Stuxnet began spreading in early 2009. It’s unclear who wrote the worm, or why, but a consensus is gathering that a government (probably Israel’s) created the worm to sabotage the Iranian nuclear program. Stuxnet seeks out and silently hijacks factory control software written by Siemens. Once it infects the computers running that software, it can command uranium-enriching centrifuges to spin out of control, thereby destroying them.

Computers such as these are kept disconnected from the Internet, so getting Stuxnet to its target probably required someone to load the worm onto a USB stick used by a plant employee or contractor. Once that person plugged his USB stick in at work, Stuxnet probably began crawling through the plant’s local-area network, searching for the right computer to hijack. Exactly how much damage it did, we don’t know, but the Iranian nuclear program did appear to slow, and last November Iranian president Mahmoud Ahmadinejad confirmed that a malicious computer program caused “problems” with centrifuges.

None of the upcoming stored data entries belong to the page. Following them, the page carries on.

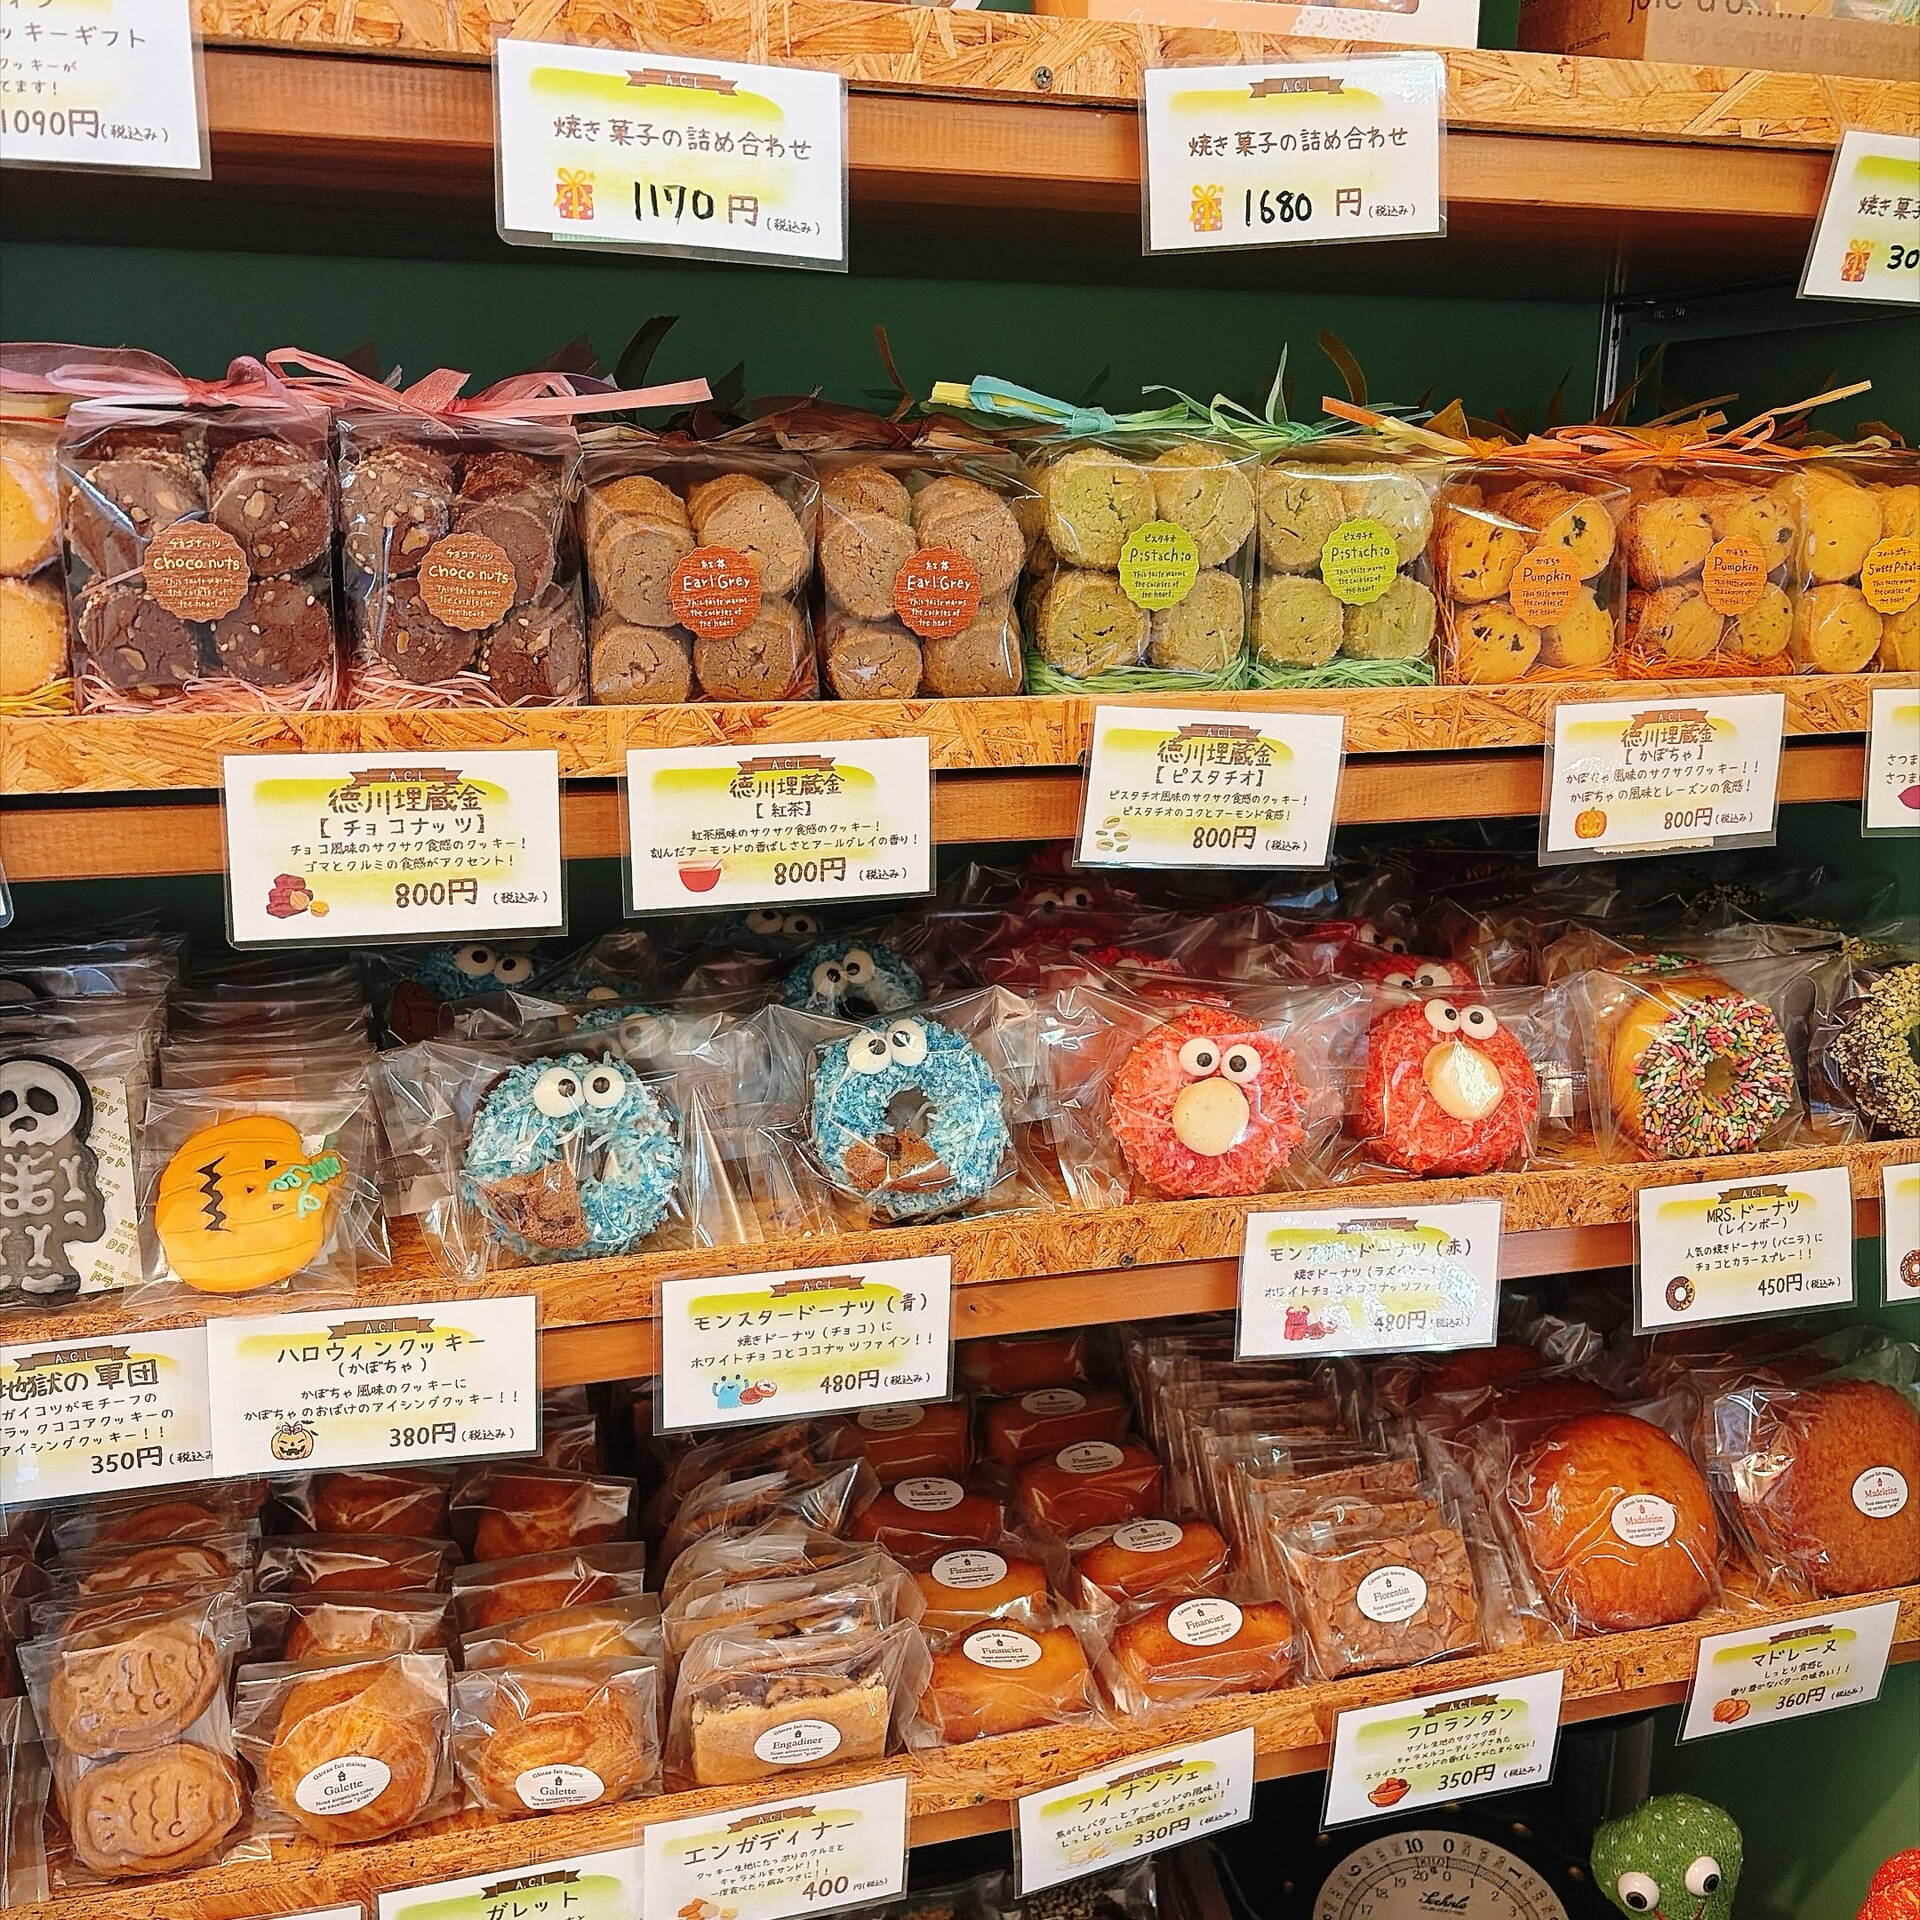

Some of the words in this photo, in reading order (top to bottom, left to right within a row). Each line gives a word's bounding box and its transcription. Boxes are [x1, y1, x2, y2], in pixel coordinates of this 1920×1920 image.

[1, 109, 99, 138] 1090円
[554, 114, 811, 161] 焼き菓子の詰め合わせ
[1189, 126, 1408, 157] 焼き菓子の詰め合わせ
[635, 182, 714, 224] 1170
[728, 193, 759, 227] 円
[1245, 189, 1312, 226] 1680
[1336, 188, 1362, 217] 円
[1130, 547, 1191, 563] Pistachio
[1331, 544, 1390, 562] Pistachio
[1714, 557, 1758, 575] Pumpkin
[683, 575, 714, 591] Earl
[718, 574, 750, 589] Grey
[907, 575, 936, 590] Earl
[940, 575, 971, 590] Grey
[1522, 568, 1571, 584] Pumpkin
[1869, 563, 1893, 576] Sweet
[1621, 723, 1717, 748] 徳川埋蔵金
[1157, 740, 1277, 767] 徳川埋蔵金
[729, 774, 846, 799] 徳川埋蔵金
[328, 784, 487, 816] 徳川埋蔵金
[1664, 807, 1712, 829] 800円
[1193, 826, 1256, 849] 800円
[774, 857, 846, 886] 800円
[395, 878, 478, 908] 800円
[1758, 1273, 1803, 1297] 450円
[278, 1333, 486, 1363] ハロウィンクッキー
[820, 1369, 879, 1395] 480円
[0, 1409, 173, 1438] ラックココアクッキーの
[389, 1422, 456, 1448] 380円
[91, 1446, 163, 1474] 350円
[1752, 1639, 1836, 1668] マドレーヌ
[1775, 1686, 1826, 1710] 360円
[1406, 1708, 1513, 1739] フロランタン
[324, 1780, 363, 1796] Galette
[1438, 1763, 1496, 1791] 350円
[540, 1787, 577, 1795] Galette
[1079, 1770, 1200, 1813] フィナンシェ
[684, 1821, 854, 1866] エンガディナー
[1133, 1816, 1191, 1847] 330円
[1406, 1837, 1424, 1854] 10
[1443, 1839, 1455, 1853] 0
[801, 1875, 848, 1901] 400
[1393, 1877, 1407, 1889] 19
[1412, 1870, 1429, 1882] 20
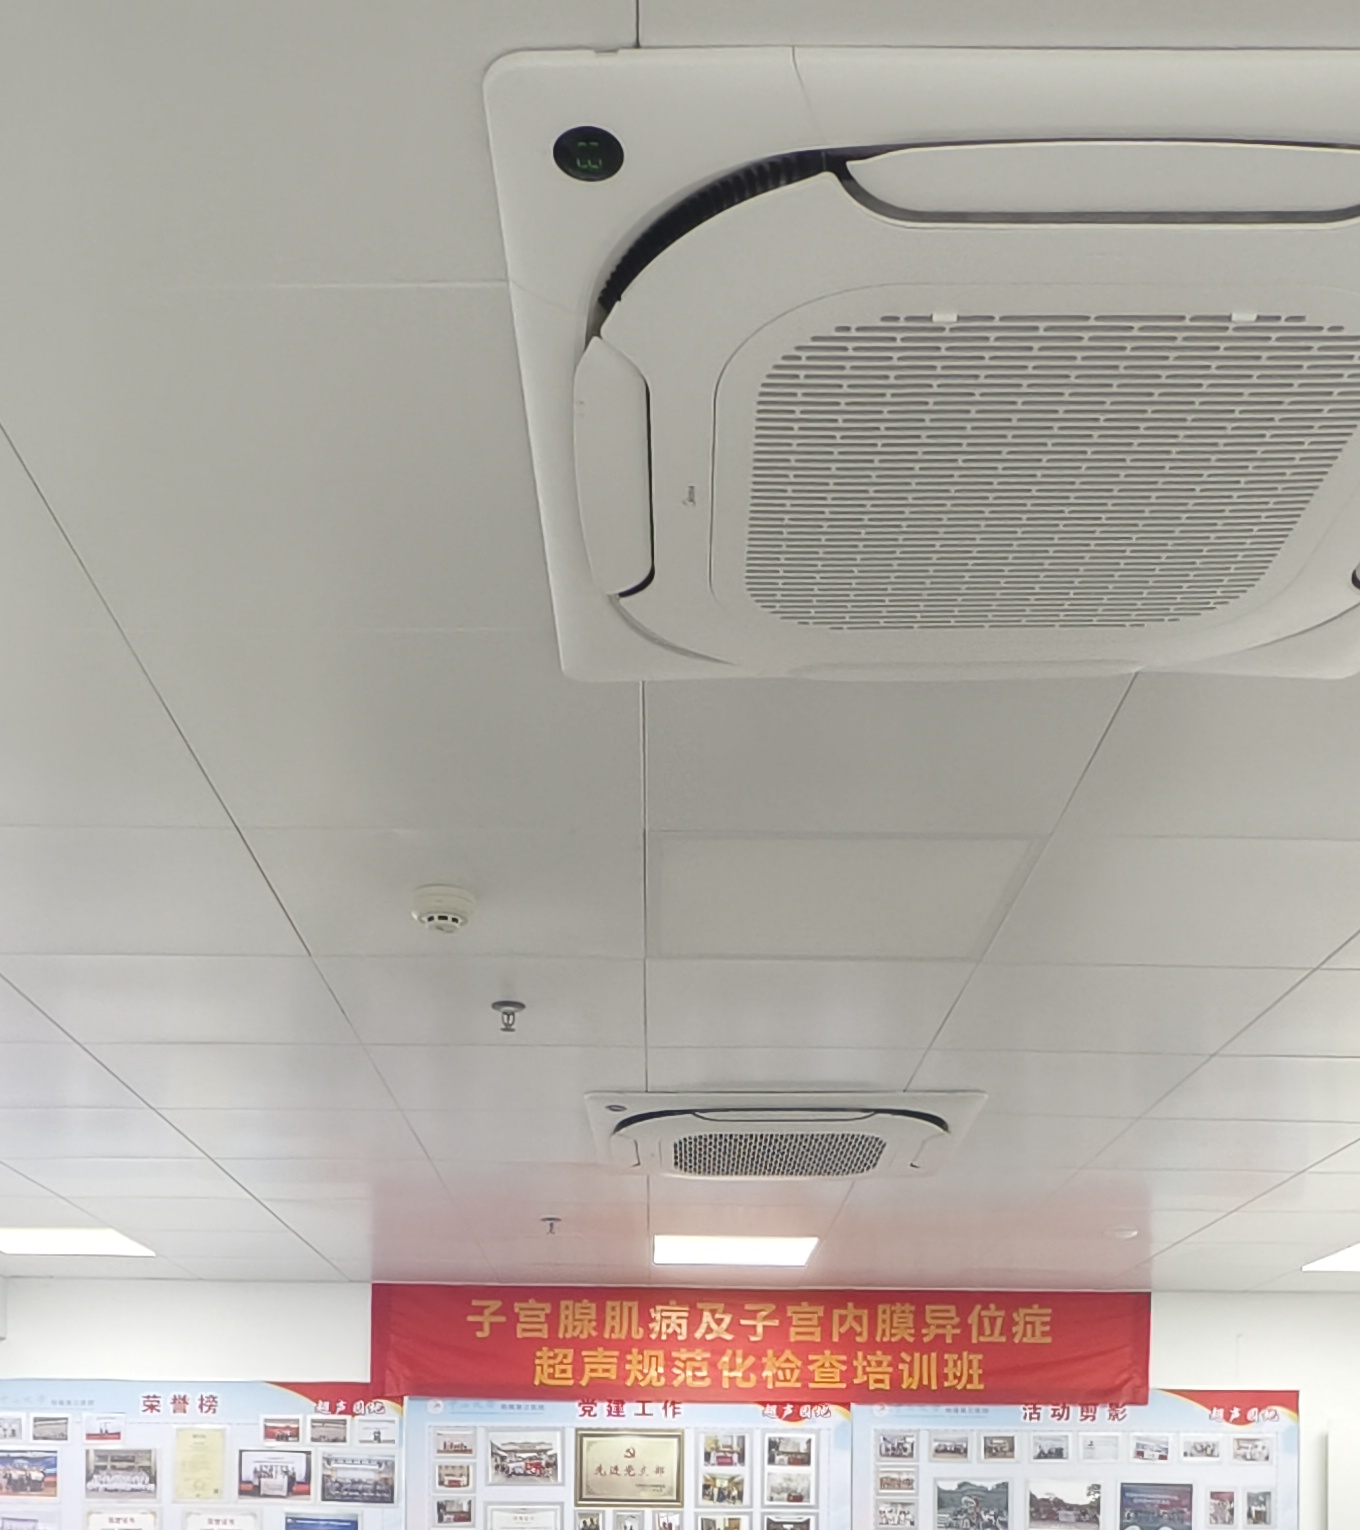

But somehow Stuxnet also made it to the Internet, and by last fall, the worm had infected hundreds of thousands of computers in at least 155 countries. Siemens says that to date, only 15 industrial facilities worldwide have been infected. So far, nothing has happened that we know of, but the potential for mischief is still high.

The operating system that Stuxnet is designed to hijack controls pipelines, conveyor belts, boilers, alarm systems and access controls, among other things, and experts warn that it and similar worms could, in theory, blow up factory boilers, destroy gas pipelines, sabotage power plants, and disrupt power grids. Now that Stuxnet has given hackers a sophisticated blueprint for creating such worms, many cybersecurity wonks are thoroughly freaked out.

How We Can Do Better

Cybersecurity consultant Stephen Spoonamore says that we should immediately redesign all critical infrastructure to “fail open,” meaning that in the event of a cyber attack, the system will default to a basic operating mode and keep running.